Ele é um amigo de longa data do presidente, um aliado político próximo por décadas que agora é o principal oficial de direitos humanos do governo.
E ele foi espionado repetidamente.
Alejandro Encinas, subsecretário de direitos humanos do México, foi alvo do Pegasus, o spyware mais notório do mundo, enquanto investigava abusos cometidos pelos militares do país, de acordo com quatro pessoas que conversaram com ele sobre o hack e uma análise forense independente que o confirmou.
O México tem sido abalado por escândalos de espionagem. Mas este é o primeiro caso confirmado de um membro tão sênior de uma administração – muito menos alguém tão próximo ao presidente – sendo vigiado pela Pegasus em mais de uma década de uso da ferramenta de espionagem no país.
Os ataques ao Sr. Encinas, que não foram relatados anteriormente, prejudicam seriamente a promessa do presidente Andrés Manuel López Obrador de acabar com o que ele chamou de espionagem “ilegal” do passado. Eles também são um sinal claro de como a vigilância no México se tornou desenfreada, quando ninguém, nem mesmo os aliados do presidente, parece estar fora dos limites.

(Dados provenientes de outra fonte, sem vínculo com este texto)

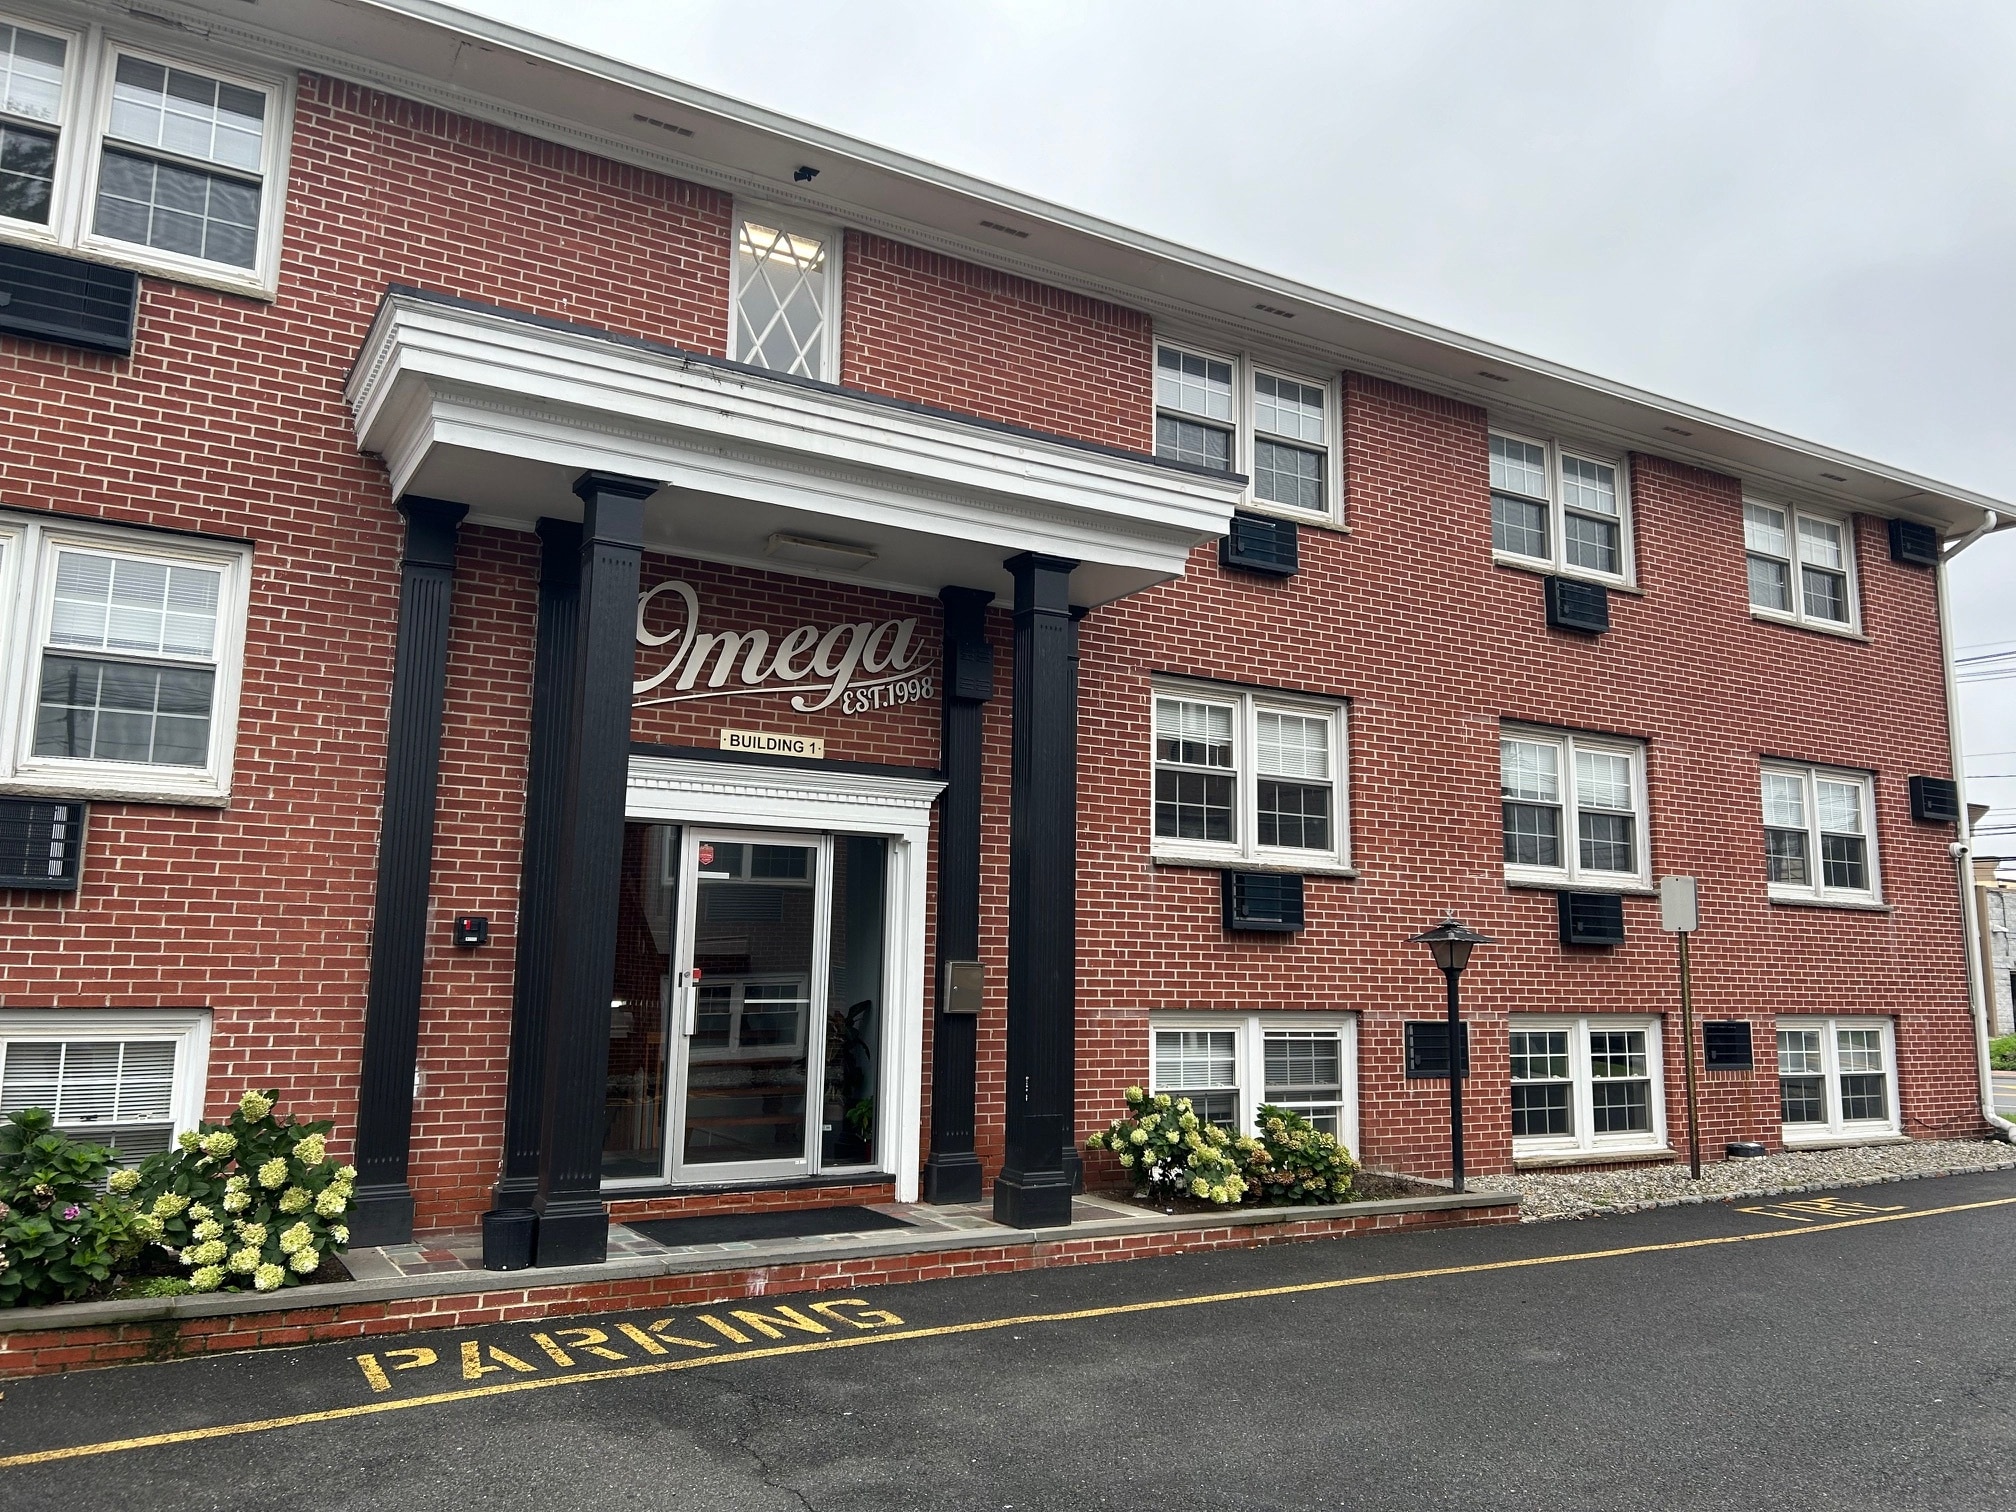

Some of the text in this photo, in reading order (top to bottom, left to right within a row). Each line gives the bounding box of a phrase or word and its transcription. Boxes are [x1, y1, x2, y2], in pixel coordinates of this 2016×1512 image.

[632, 580, 926, 712] Omega
[843, 677, 934, 715] EST.1998
[731, 734, 816, 754] BUILDING 1
[1734, 1197, 1909, 1222] FIRE
[355, 1299, 905, 1392] PARKING
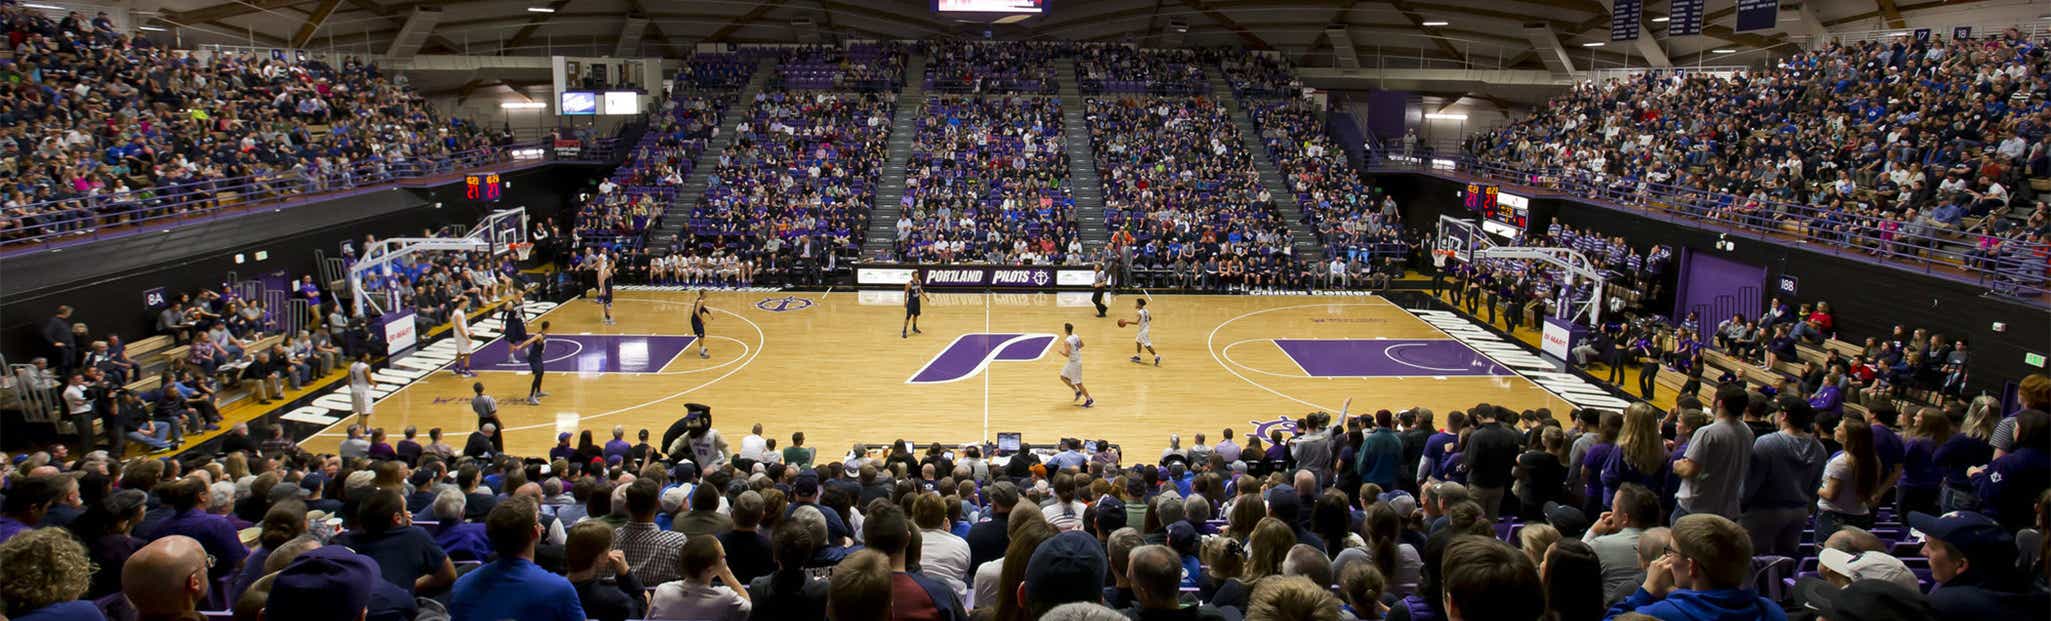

A Pegasus é licenciada apenas para agências governamentais e, embora não haja provas definitivas de quem hackeou o telefone de Encinas, os militares são a única entidade no México que tem acesso ao spyware, segundo cinco pessoas familiarizadas com os contratos. Na verdade, os militares mexicanos visaram mais celulares com a tecnologia do que qualquer agência governamental do mundo.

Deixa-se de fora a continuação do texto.